Gdaldem completes successfully every time. However, the script hangs indefinitely as soon as it calls gdal2tiles.py... It produces no error output, and surprisingly, even the timeout argument in subprocess.run does not trigger an exception, the whole process just freezes with these log:
2025-08-02 09:53:22,602 - INFO - Successfully created GeoTIFF: /app/geotiffs/skjav/reflectivity/reflectivity_20250802T094500Z.tif
2025-08-02 09:53:22,636 - INFO - Step 1: Colorizing /app/geotiffs/skjav/reflectivity/reflectivity_20250802T094500Z.tif with gdaldem.
2025-08-02 09:53:22,672 - INFO - Successfully colorized GeoTIFF to /app/static/tiles/skjav/reflectivity/20250802T094500Z/colorized.tif
2025-08-02 09:53:22,672 - INFO - Step 2: Generating tiles from /app/static/tiles/skjav/reflectivity/20250802T094500Z/colorized.tif with gdal2tiles.py.
<-- HANGS HERE -->
The code snippet in question:
try:
logging.info(f"coloring with with gdaldem.")
color_map_content = create_color_map_file(product_config['cmap'], product_config['vmin'],
product_config['vmax'])
with open(color_file_path, 'w') as f:
f.write(color_map_content)
cmd_colorize = ['gdaldem', 'color-relief', geotiff_path, color_file_path, colorized_tiff_path, '-alpha']
subprocess.run(cmd_colorize, check=True, capture_output=True, text=True, timeout=60)
logging.info(f"colored geotiff to {colorized_tiff_path}")
logging.info(f"generating tiles {colorized_tiff_path} with gdal2tiles.py.")
cmd_gdal2tiles = [
'gdal2tiles.py',
'--profile=raster',
'--zoom=5-12',
'--webp-quality=90',
colorized_tiff_path,
output_tile_dir
]
subprocess.run(cmd_gdal2tiles, check=True, capture_output=True, text=True, timeout=180)
logging.info(f"success - {output_tile_dir}")
return output_tile_dir
What could cause gdal2tiles.py to hang so completely that it ignores the timeout from Python's subprocess module?
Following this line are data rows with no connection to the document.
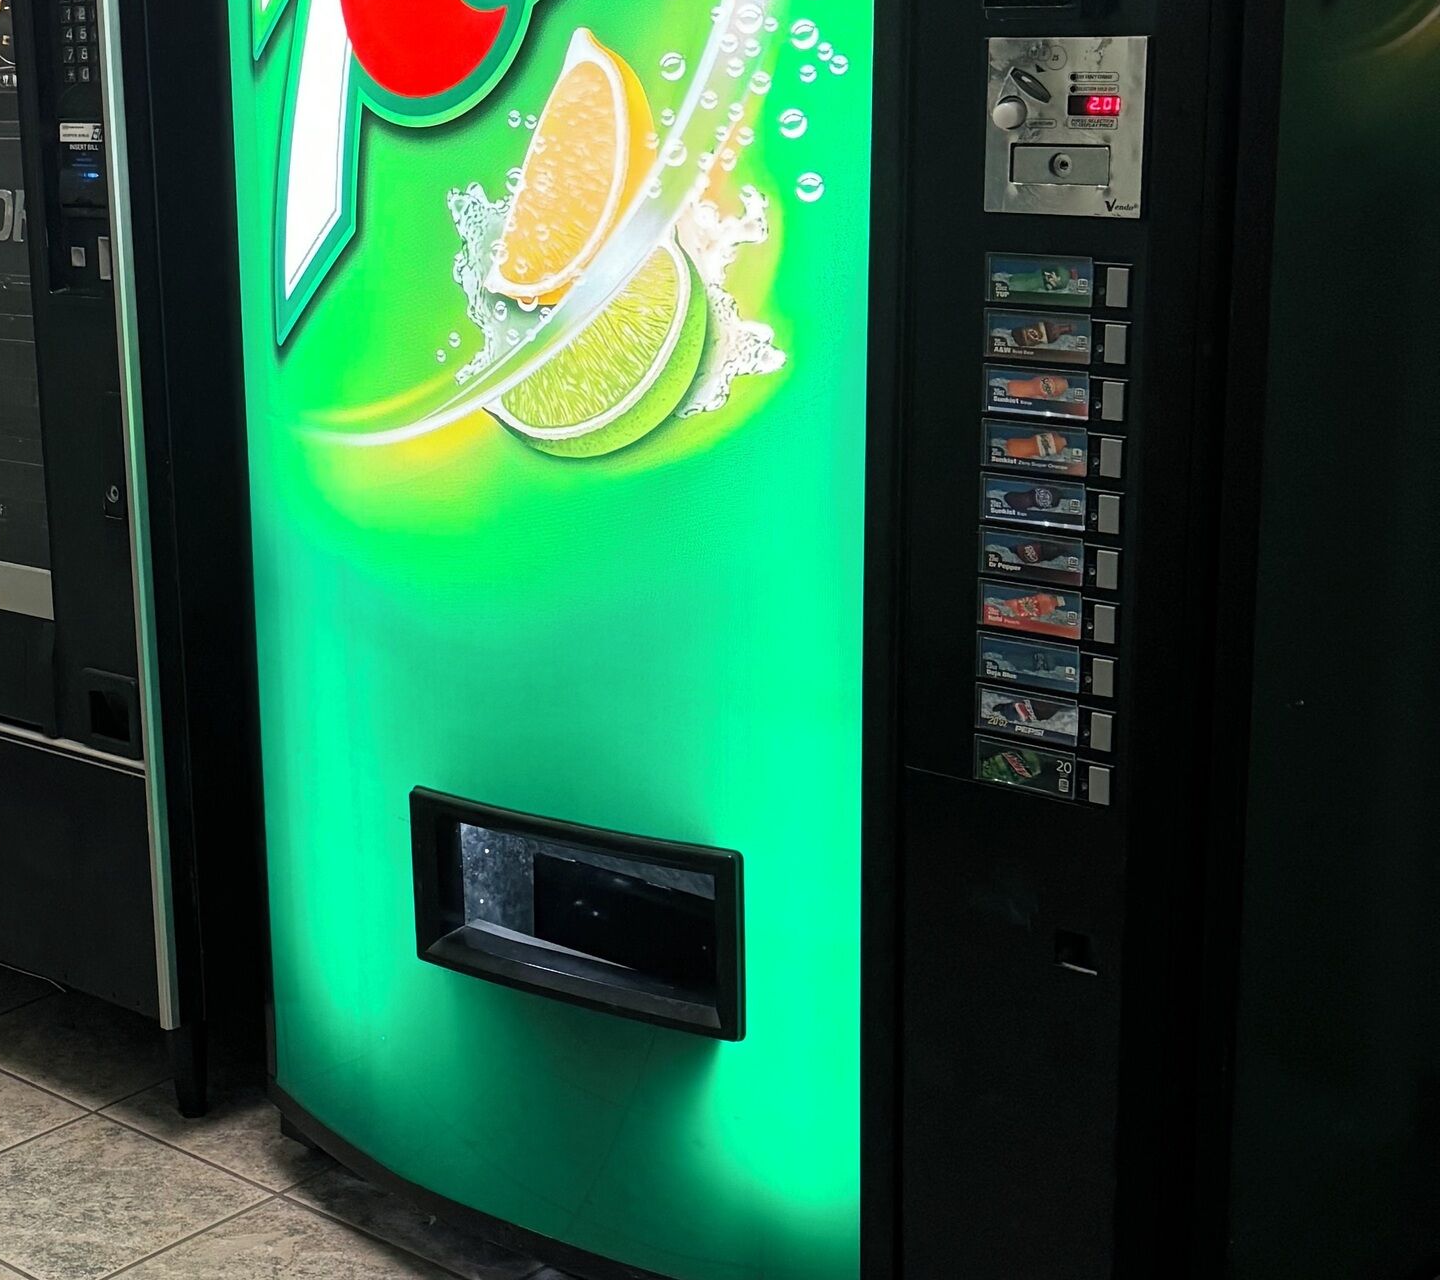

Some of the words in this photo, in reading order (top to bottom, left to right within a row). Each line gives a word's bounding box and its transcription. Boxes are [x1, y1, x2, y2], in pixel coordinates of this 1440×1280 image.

[66, 28, 72, 40] 4
[80, 28, 87, 40] 5
[68, 49, 74, 60] 7
[81, 48, 88, 60] 8
[993, 396, 1020, 404] Sunkist
[992, 456, 1016, 464] Sunkist
[998, 562, 1022, 571] Pepper
[1015, 725, 1044, 736] PEPSI
[1056, 760, 1072, 774] 20
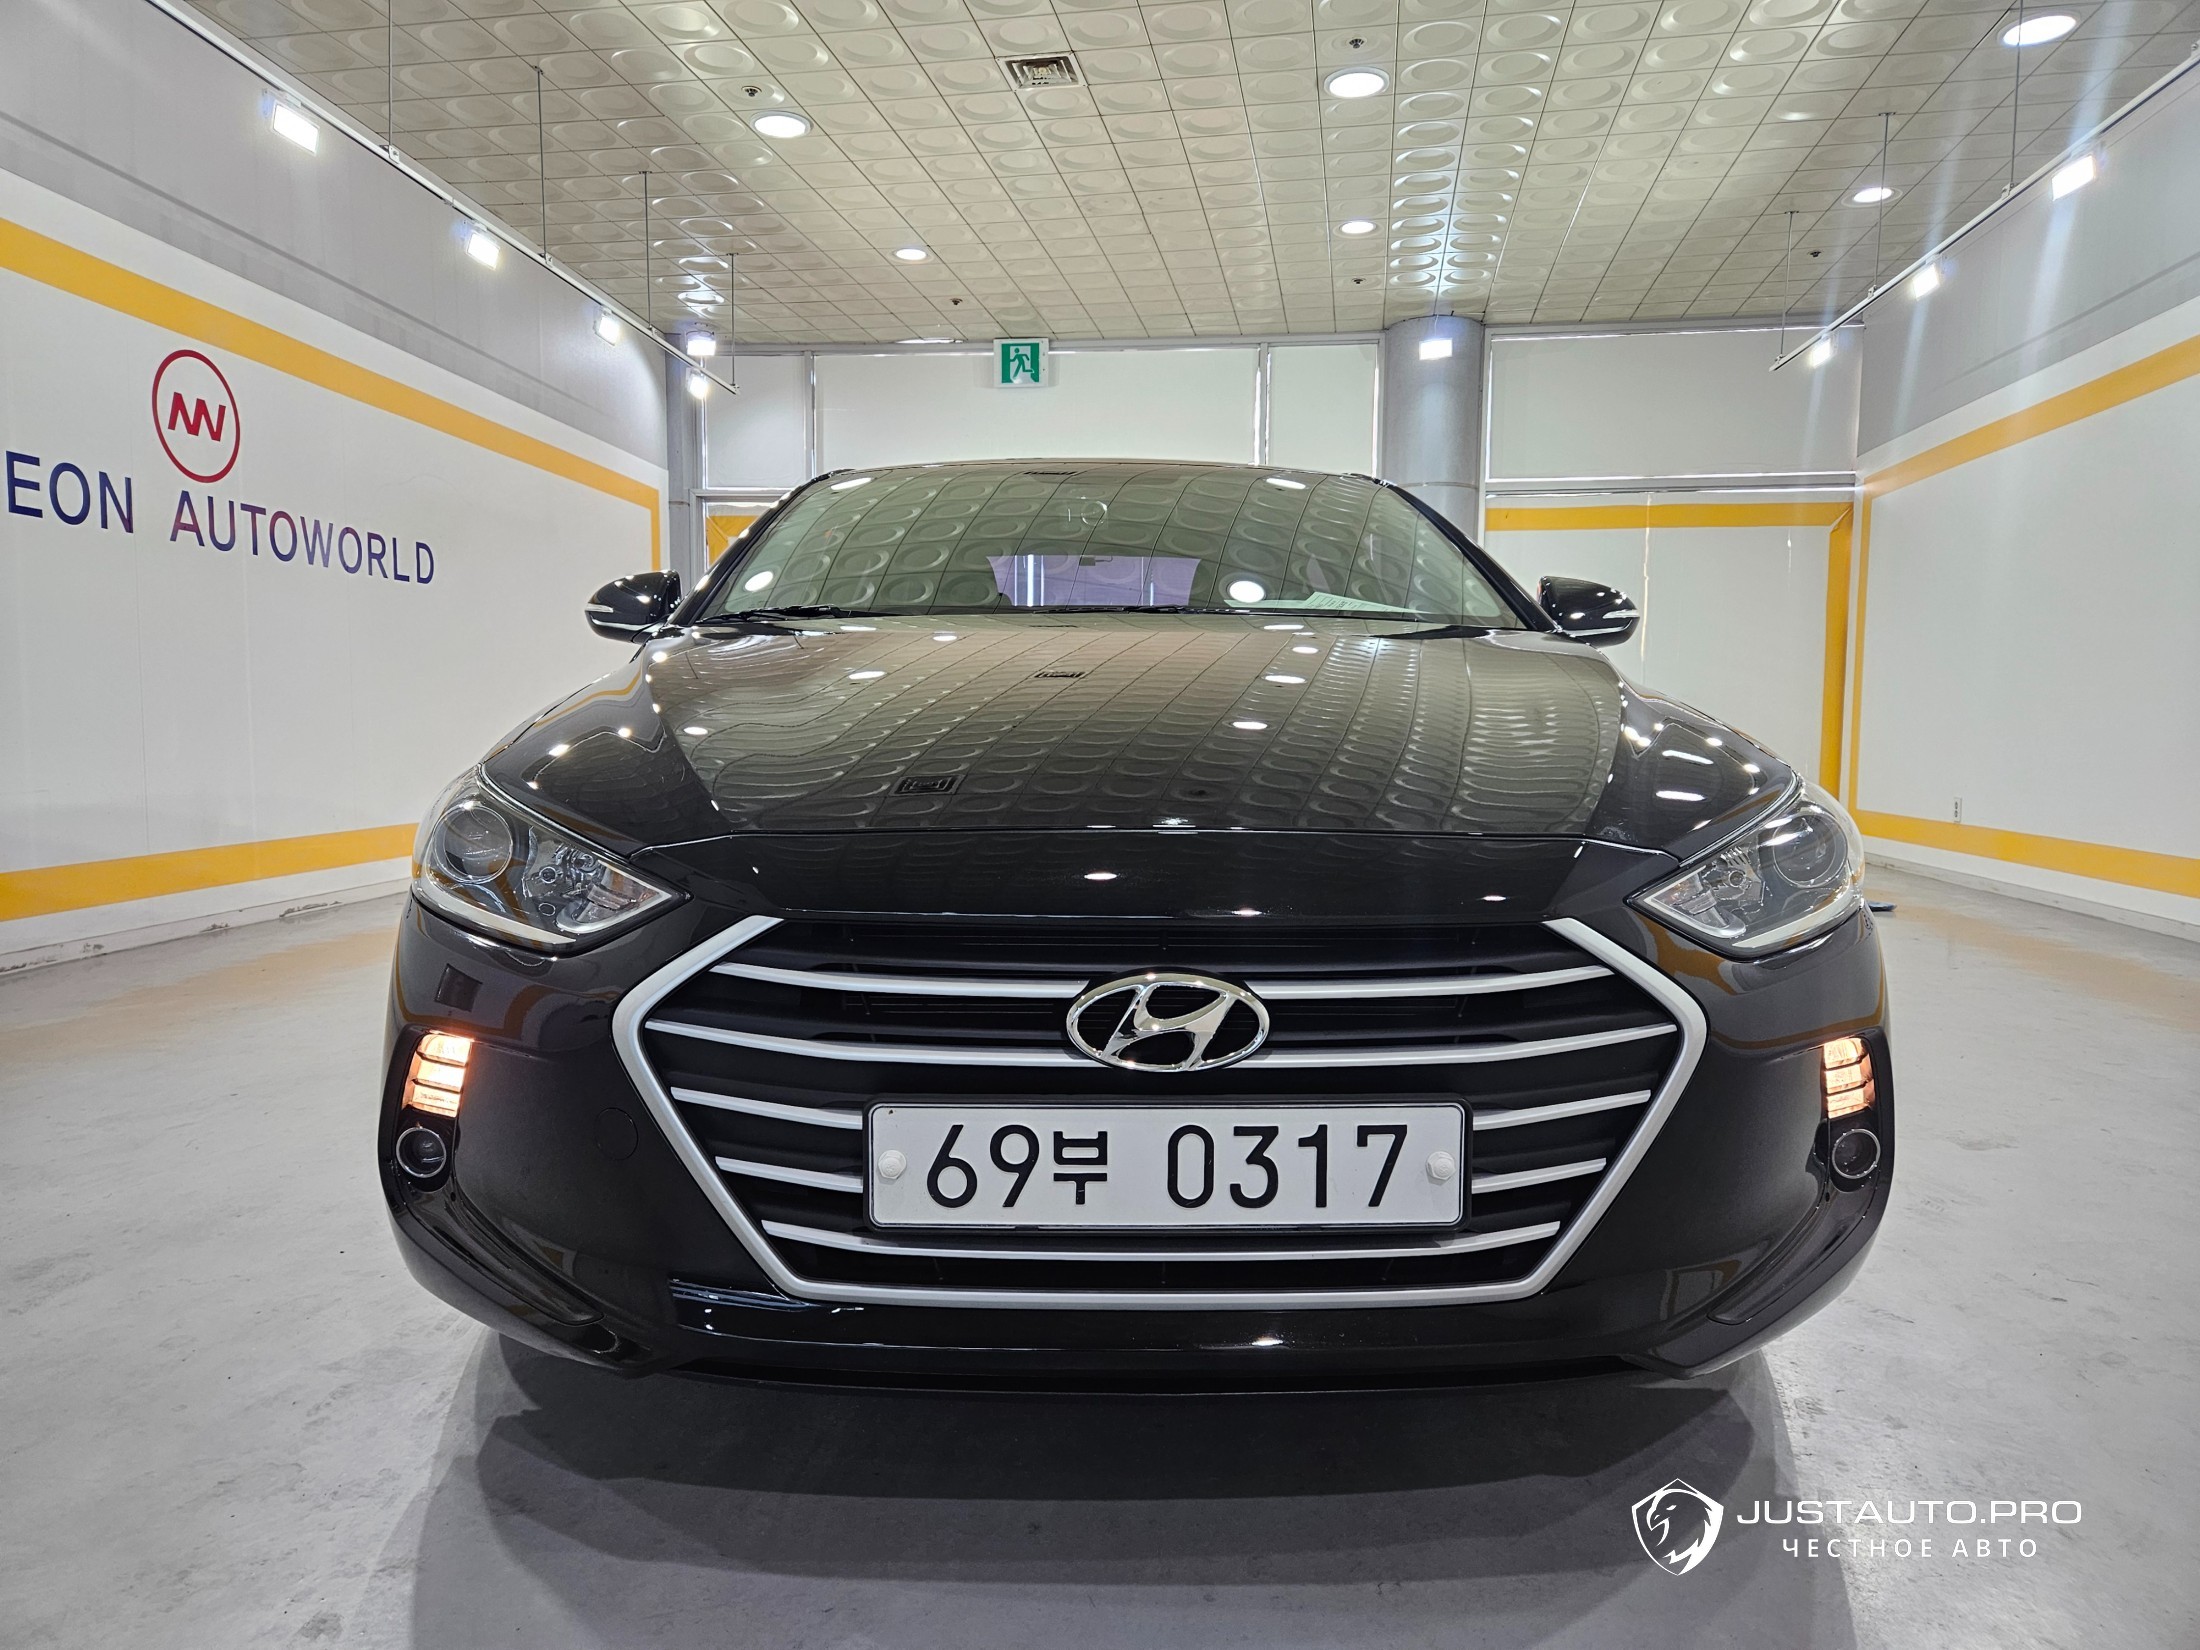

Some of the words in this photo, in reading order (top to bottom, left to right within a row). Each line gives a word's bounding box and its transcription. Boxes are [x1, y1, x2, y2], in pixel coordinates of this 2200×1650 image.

[5, 450, 134, 534] EON
[170, 490, 435, 585] AUTOWORLD
[926, 1124, 1108, 1209] 69부
[1167, 1124, 1408, 1209] 0317
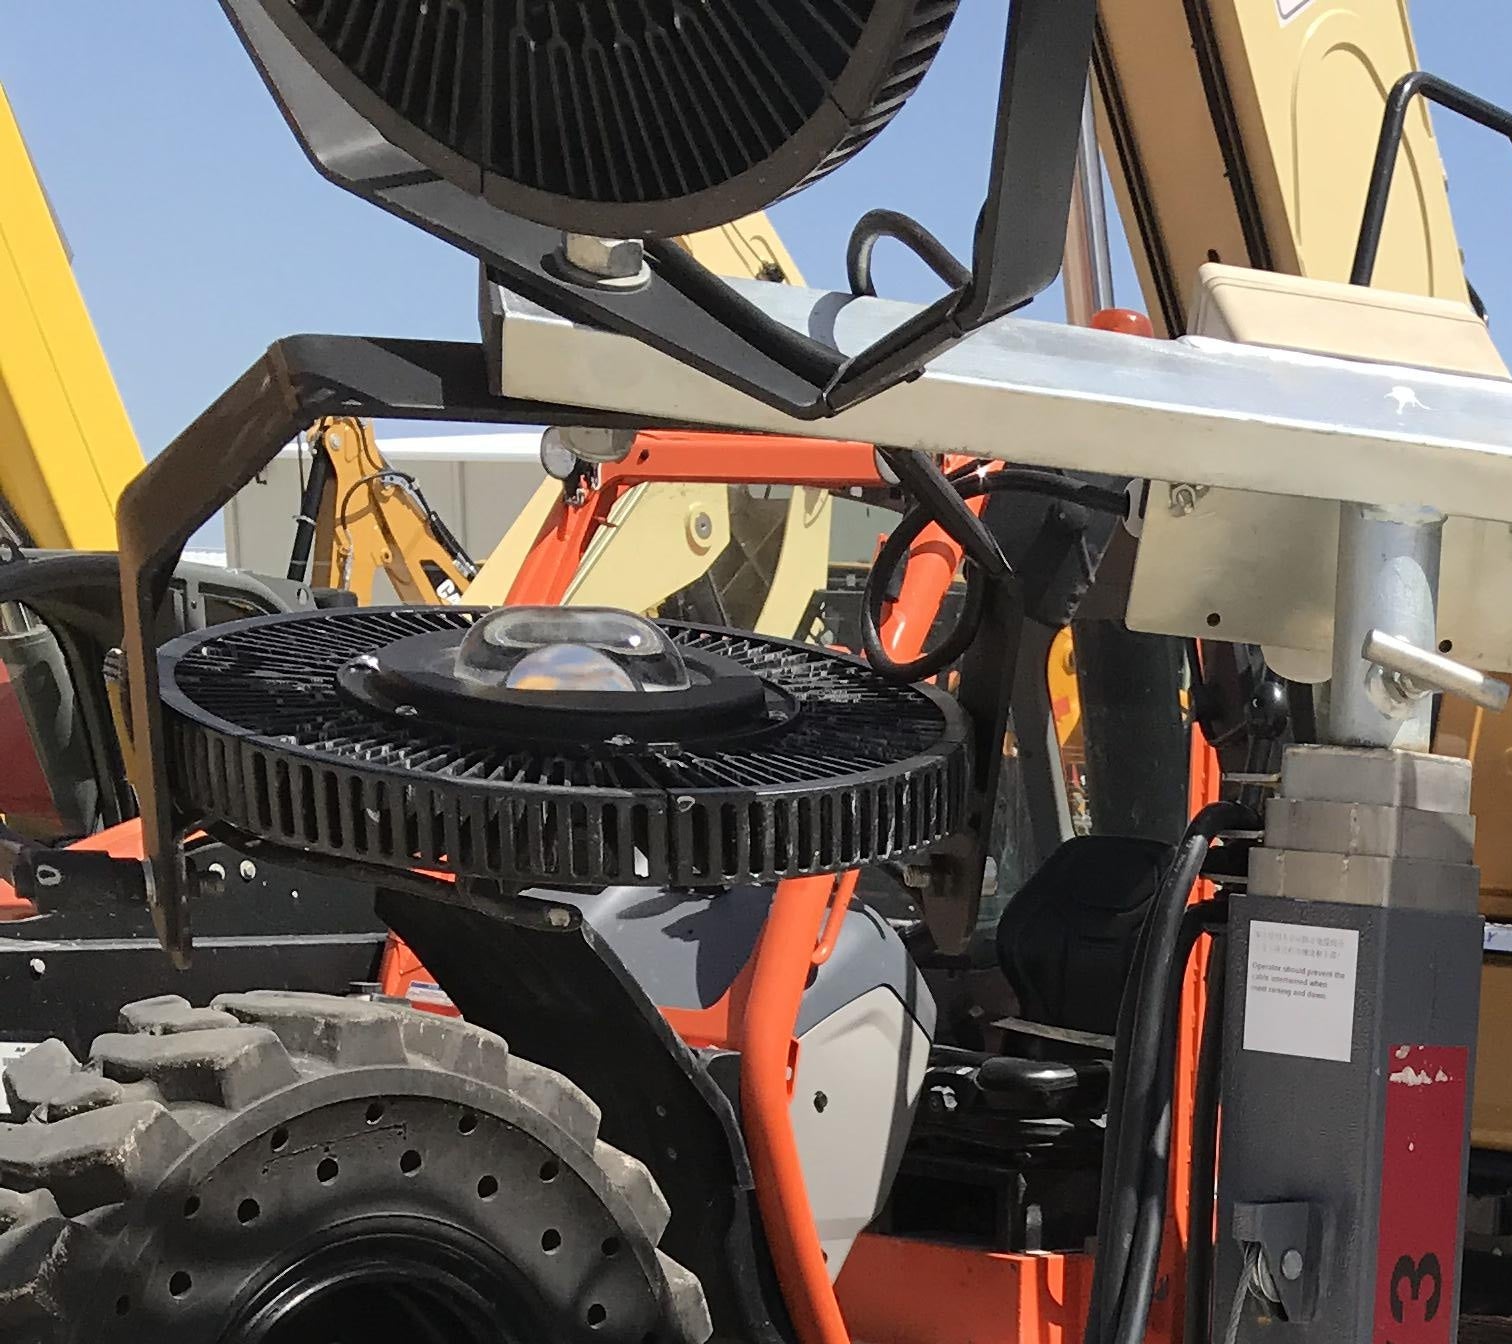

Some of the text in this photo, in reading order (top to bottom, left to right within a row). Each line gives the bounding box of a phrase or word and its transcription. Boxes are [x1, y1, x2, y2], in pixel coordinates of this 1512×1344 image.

[1282, 965, 1306, 975] should
[1334, 971, 1345, 979] the
[1293, 989, 1305, 997] and
Is there a known issue with running gdal2tiles.py non interactively from a Python script inside a Docker container that could lead to this kind of deadlock?
Ruled out Environment Path Issues: I added a diagnostic log (shutil.which('gdal2tiles.py')) which confirmed the script is correctly finding the modern version of gdal2tiles.py inside the conda environment (/opt/conda/envs/radar-env/bin/gdal2tiles.py).
Ruled out Multiprocessing: The hang occurs even with the --processes flag removed from the command.
Ruled out output format: The hang persists whether I use --webp-quality=90 or remove it to default to png tiles.
I also tried to replaced subprocess.run with the lower-level subprocess.Popen and proc.communicate(timeout=) this also hung and failed to trigger the TimeoutExpired exception.
try:but where isexcept:? Maybe you haveexcept: passand it hides some errors.